F: Who gave you the classes?

J: Classes were given by Rabbi Alexander Granat. We felt very
comfortable saying that we were going to religious classes at
4 p.m. because the other kids used to have Catholic religious
classes at 4 p.m. and the pattern was very much the same -- meeting
in a specific spot in the Escuela Americana and going from there
to religious classes. Needless to say, none of us very much
looked forward to going to these classes. We went because we
had to. I couldn't say that we all were dying to go to these

F: What did he teach you?

J: He taught us to read Hebrew and he taught us essentially the
Torah, through reading stories within the Torah.

F: On Friday nights,did you participate in any way with the other
youngsters at the synagogue?

J: There was a custom on Friday night services that after the
kiddush all the children.of a certain age, essentially from five
or six years old to twelve, thirteen would drink from the kiddush
cup after the kiddush and insofar as that was concerned
we did all participate. We didn't have at that time what we used
to get later on in services, where the kiddush was performed at
the end.of the service.

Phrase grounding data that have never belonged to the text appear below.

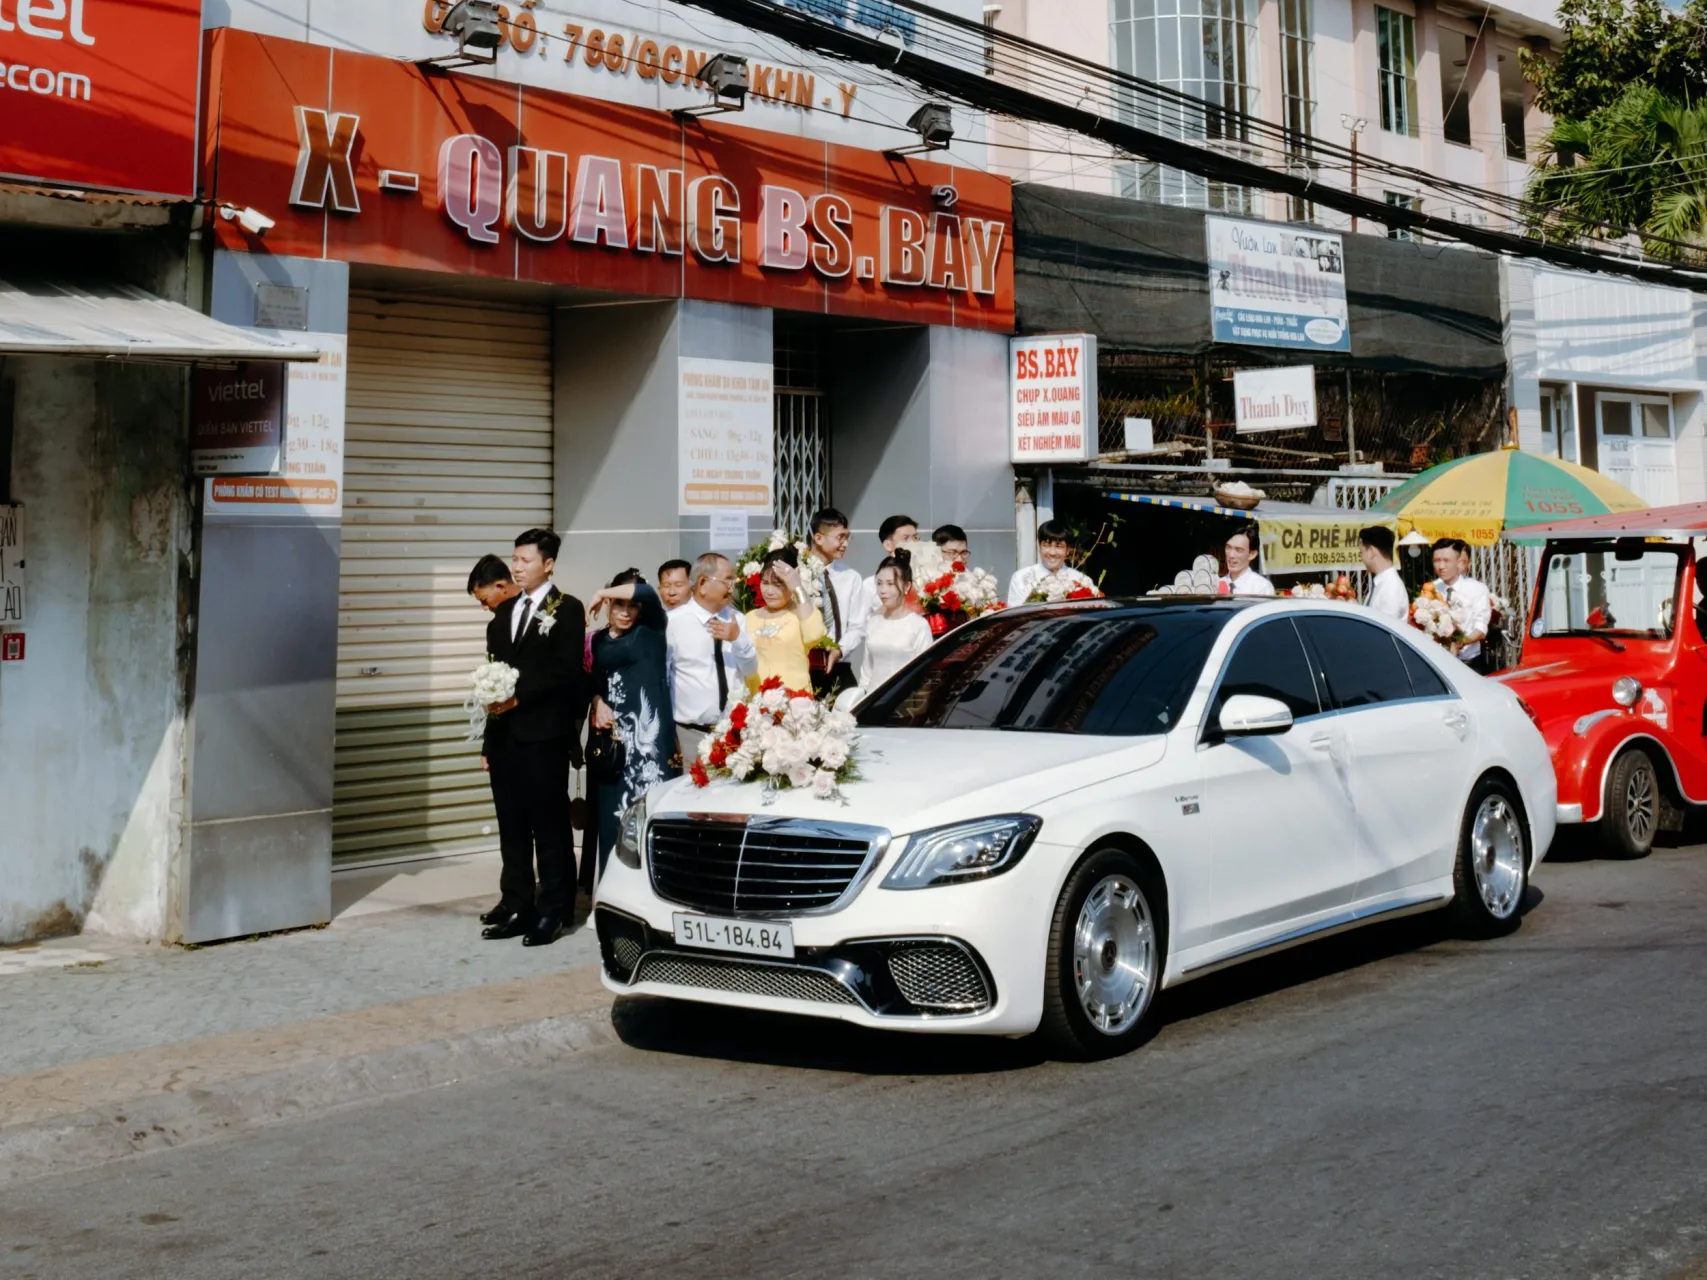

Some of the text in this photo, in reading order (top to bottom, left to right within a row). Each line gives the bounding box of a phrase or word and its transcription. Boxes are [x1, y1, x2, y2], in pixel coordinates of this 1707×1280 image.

[838, 81, 857, 119] Y
[288, 105, 361, 213] X
[437, 133, 741, 265] QUANG
[757, 184, 1005, 296] BS.BẢY
[1016, 338, 1079, 380] BS.BẢY
[208, 378, 266, 403] viettel
[1017, 386, 1080, 406] CHỤP X.QUANG
[1017, 410, 1034, 427] SIÊU
[1239, 394, 1310, 422] Thanh Duy
[311, 414, 330, 429] 12g
[320, 439, 339, 455] 18g
[1525, 500, 1584, 515] 1055
[1281, 523, 1304, 549] CÀ
[1309, 524, 1340, 549] PHÊ
[1471, 528, 1495, 540] 1055
[1295, 552, 1310, 565] ĐT:

There was much more of a social activity
limited to two or three minutes after the kiddush was done.


F: How were you prepared for your bar mitzvah and by whom?

J: I was prepared by the rabbi, Alexander Granat, and we worked about
nine months I believe, or ten months in preparation for the reading
of my section of the Torah and of the Haftorah.

F: And you were prepared a year in advance? For how long were you
prepared for that?

J: I don't remember exactly what the frequency was. I think it was
no less than two times a week, no more than three times a week
for nine months, ten months maybe.

F: And at the same time you were being prepared for your bar mitzvah,
were you having classes in school?

J: No, I believe the accommodation had been that I no longer had to
go to religious classes in return for the rather intensive prepara-
tion, which required not only those two or three hours with the
rabbi, but also many additional hours on my own, preparing for
those two or three hours.

F: Do you remember how your bar mitzvah was celebrated?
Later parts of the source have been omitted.